The Directors have pleasure in presenting before you the Fifteenth Annual Report of the Company together with the Audited Statement of Accounts for the year ended 31 March 2015.

DIVIDEND

Your Directors recommend a dividend of Rs.1.50 per equity share of face value of Rs.10.00 each for the year ended 31 March 2015. The dividend payout ratio for the year is 9.19% (amounting to Rs. 11.31 crore, inclusive of Tax on dividend) as against 7.93% (amounting to Rs. 8.73 crore, inclusive of Tax on dividend) in the previous year.

TRANSFER TO RESERVES

During the year under review, your Company transferred Rs.20 crore to the General Reserve, Rs.41.13 crore to  the Statutory Reserve under Section 36(1)(viii) of the  Income Tax Act, 1961 read with Sec 29 C of NHB Act,  1987 and Rs. 24.62 crore to additional reserve under  Sec 29 C of NHB Act, 1987, out of the amount available  for appropriation. An amount of Rs. 115.60 crore is proposed to be retained in the profit and loss account.

CHANGES IN SHARE CAPITAL

During the financial year, the paid up capital increased consequent to the allotment of 1,96,600 equity shares of face value of Rs.10 each upon exercise of employee stock options under ESOS (Phase-I). Consequently, the equity share capital of the Company has increased  from Rs. 62,16,10,470 divided into 6,21,61,047 Equity  shares of Rs. 10 each to Rs.62,35,76,470 divided into 6,23,57,647 Equity shares of Rs. 10 each.

STATE OF AFFAIRS OF THE COMPANY

The Company endeavors towards adopting the benchmark underwriting practices backed up by robust monitoring and recovery mechanisms.
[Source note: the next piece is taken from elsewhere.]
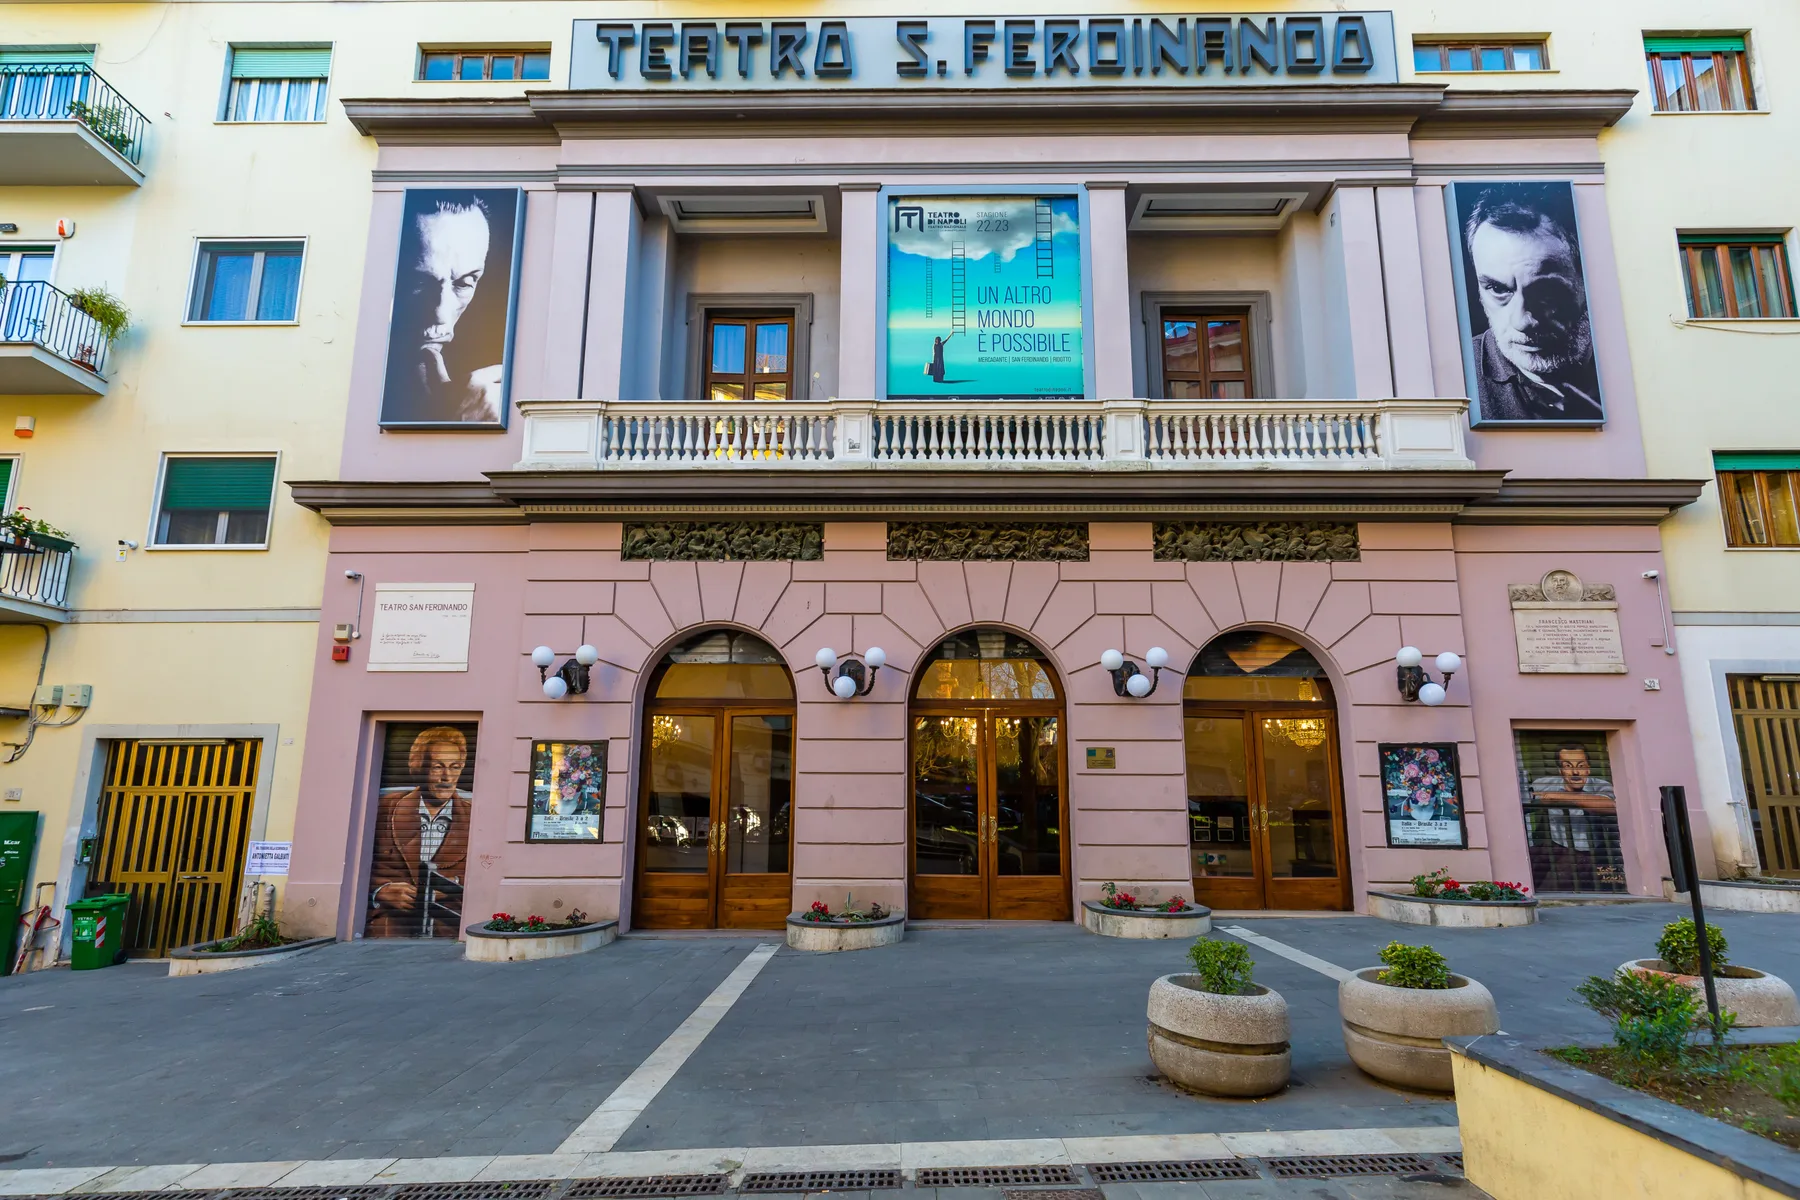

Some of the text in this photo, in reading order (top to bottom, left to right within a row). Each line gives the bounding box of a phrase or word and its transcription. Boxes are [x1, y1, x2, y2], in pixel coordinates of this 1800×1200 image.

The Company is committed in its efforts towards improving efficiency and service level in its operations.

LENDING OPERATIONS

1) Sanctions

During the year, loan approvals stood at Rs.2,398.88 crore as compared to Rs.1,822.51 crore in the previous year registering a growth of 31.63%. The cumulative loan sanctions since inception of the Company stood at Rs.9,644.81 crore at the end of the financial year 2014-15.

2) Disbursements

During the year under review, the Company disbursed loans to the extent of Rs. 2,181.15 crore as against Rs.1,715.26 crore in the previous year, a growth of 27.16%. The Cumulative disbursements  stood at Rs.8,880.84 crore in respect of 83,435  accounts at the end of the financial year 2014-15.

3) Loans Outstanding

The loan book of the Company at the end of financial year 2014-15 was Rs.6012.92 crore as against Rs.4,661.86 crore in the previous year representing  a growth of 28.98%.

NON PERFORMING ASSETS

As of 31 March 2015, the gross NPA of the company was Rs.79.12 crore (previous year Rs.68.55 crore) constituting 1.32% (previous year 1.47%) of the total loans outstanding. Net NPA of the Company as at  March 31, 2015 was 0.50% as against 0.72% in the  corresponding period the previous year. The NPA provision coverage ratio stood at 62.37% (previous year 51.50%) as at 31st March 2015. The Company carries  a provision of Rs.49.34 crore (previous year Rs.35.30 crore) towards its Non Performing Assets at the end of the financial year 2014-15. During the period under review, the Company has written off Rs.0.13 crore (previous year Rs. 0.29 crore) in respect of loans where recovery had been rendered impracticable.

REGULATORY COMPLIANCE

The Company is in compliance with the guidelines, circulars and directions of National Housing Bank. The Company is also in compliance with the Companies Act 2013, guidelines, directions and circulars of MCA, SEBI etc. The company complied with Accounting Standards issued by the ICAI and other related statutory Guidelines / Directions as applicable to the Company from time to time. The Company is registered with the Central Registry of Securitization, Asset Reconstruction and Security Interest of India (CERSAI) and furnishes information in respect of its loans. Compliance of all regulatory guidelines of NHB / other compliances are periodically reviewed by the Audit Committee / Board of the Company.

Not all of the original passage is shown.